Sitaram Yechury camp sees political win in Round 2
New Delhi: Round two went to CPI(M) general secretary Sitaram Yechury on Monday with the party’s Central Committee asking the politburo to incorporate his ideas on working with the “non-Left secular forces”, including the Congress, to oust BJP from power, while finalising the party’s political-tactical line ahead of the party meet to be held in April next year.
While the Bengal faction, led by Mr Yechury, is in favour of such an alliance, the Kerala faction, led by former general secretary Prakash Karat, is against it.
The “coup d’état” for the Yechury faction came after 31 members out of the 63, including former Kerala chief minister V.S. Achutanandnan and state finance minister Issac Thomas, spoke in favour of Mr Yechury’s line at the three-day meeting. Two members remained ambivalent on their stand. This helped avoid a voting in the Central Committee over the matter.
Sources said those who supported the Yechury line included the entire Bengal unit except two members, and members from Uttar Pradesh, Jharkhand, Rajasthan, Uttar-akhand and Jammu and Kashmir. Significantly, there was a division in the South Indian states also with members from Tamil Nadu, Andhra Pradesh, Telangana as well as Kerala supporting his stand.
In might be recalled that in the last meeting of the CPI(M) politburo, the faction led by Mr Karat had dominated, following which two drafts were circulated in the meeting.
The CPI(M) has to finalise a draft outline of a tactical-political resolution before the party meet in April next year. This document, which would be adopted at the party meet, will form the basis of its strategy for the 2019 general elections.

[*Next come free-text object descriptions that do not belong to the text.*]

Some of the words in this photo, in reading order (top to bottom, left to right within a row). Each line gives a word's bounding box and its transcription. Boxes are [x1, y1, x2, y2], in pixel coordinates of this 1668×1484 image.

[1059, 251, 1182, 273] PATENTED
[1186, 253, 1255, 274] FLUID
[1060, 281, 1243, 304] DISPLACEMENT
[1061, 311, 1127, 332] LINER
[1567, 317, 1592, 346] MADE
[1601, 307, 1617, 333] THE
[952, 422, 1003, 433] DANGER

The genesis of the discussion on whether an electoral alliance with the Congress was necessary began with an internal debate within the party on whether the current BJP dispensation at the Centre was a fascist authority in the classical sense of the term.
While the faction supporting an electoral pact with other secular parties like the Congress argue that this was fascism in the true sense and every force needs to come together to defeat it, the other side feels that this cannot be fascism as parliamentary system of democracy still existed.

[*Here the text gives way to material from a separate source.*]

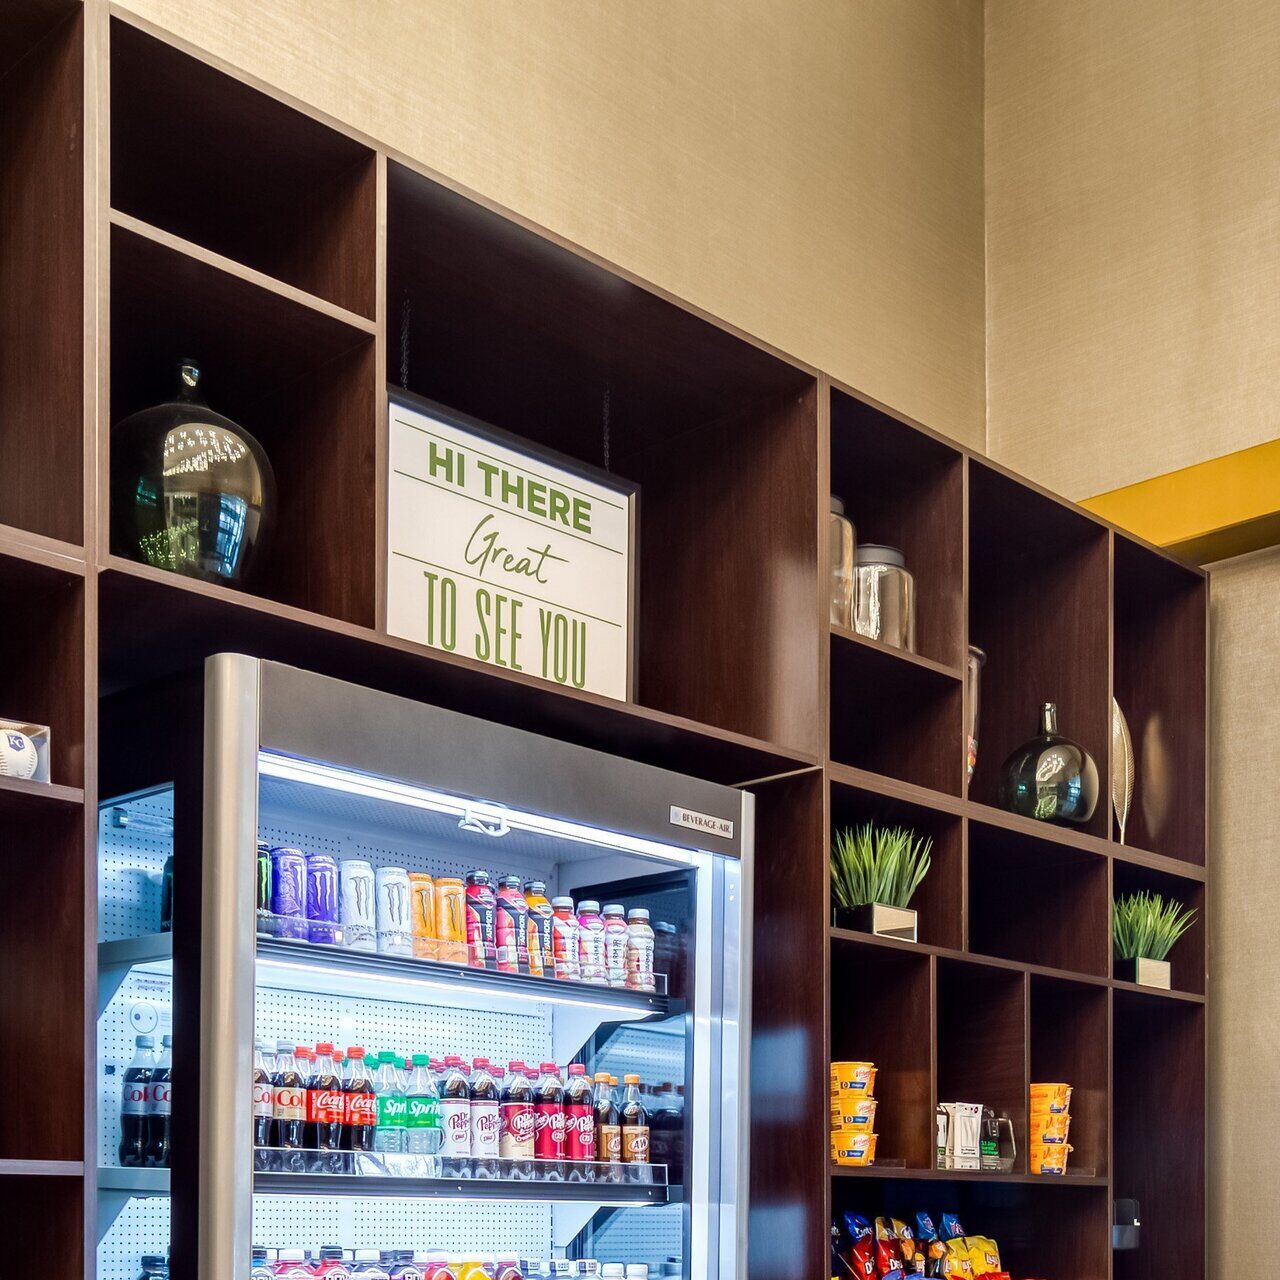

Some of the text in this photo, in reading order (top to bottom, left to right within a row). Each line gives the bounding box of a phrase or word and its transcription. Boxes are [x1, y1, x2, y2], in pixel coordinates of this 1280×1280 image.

In an editoral in the party mouthpiece, Mr Karat had written that the BJP-led government at the Centre was not ‘fascist in the classical sense but authoritarian’. Mr Yechury had challenged him point blank saying that the government of Narendra Modi was fascist.
Along with the argument that the Modi was government was not fascist in the classical sense, the Karat faction also feels that it was the “neo-liberal” policies of the Congress which had helped the BJP come to power and thus any electoral understanding with the Congress was detrimental to the CPI(M) retaining its own mass base.
However, the Yechury faction argues that this was the time for consolidation of forces against the Modi government and there was no need to “tie your hands” by explicitly mentioning no alliance with Congress.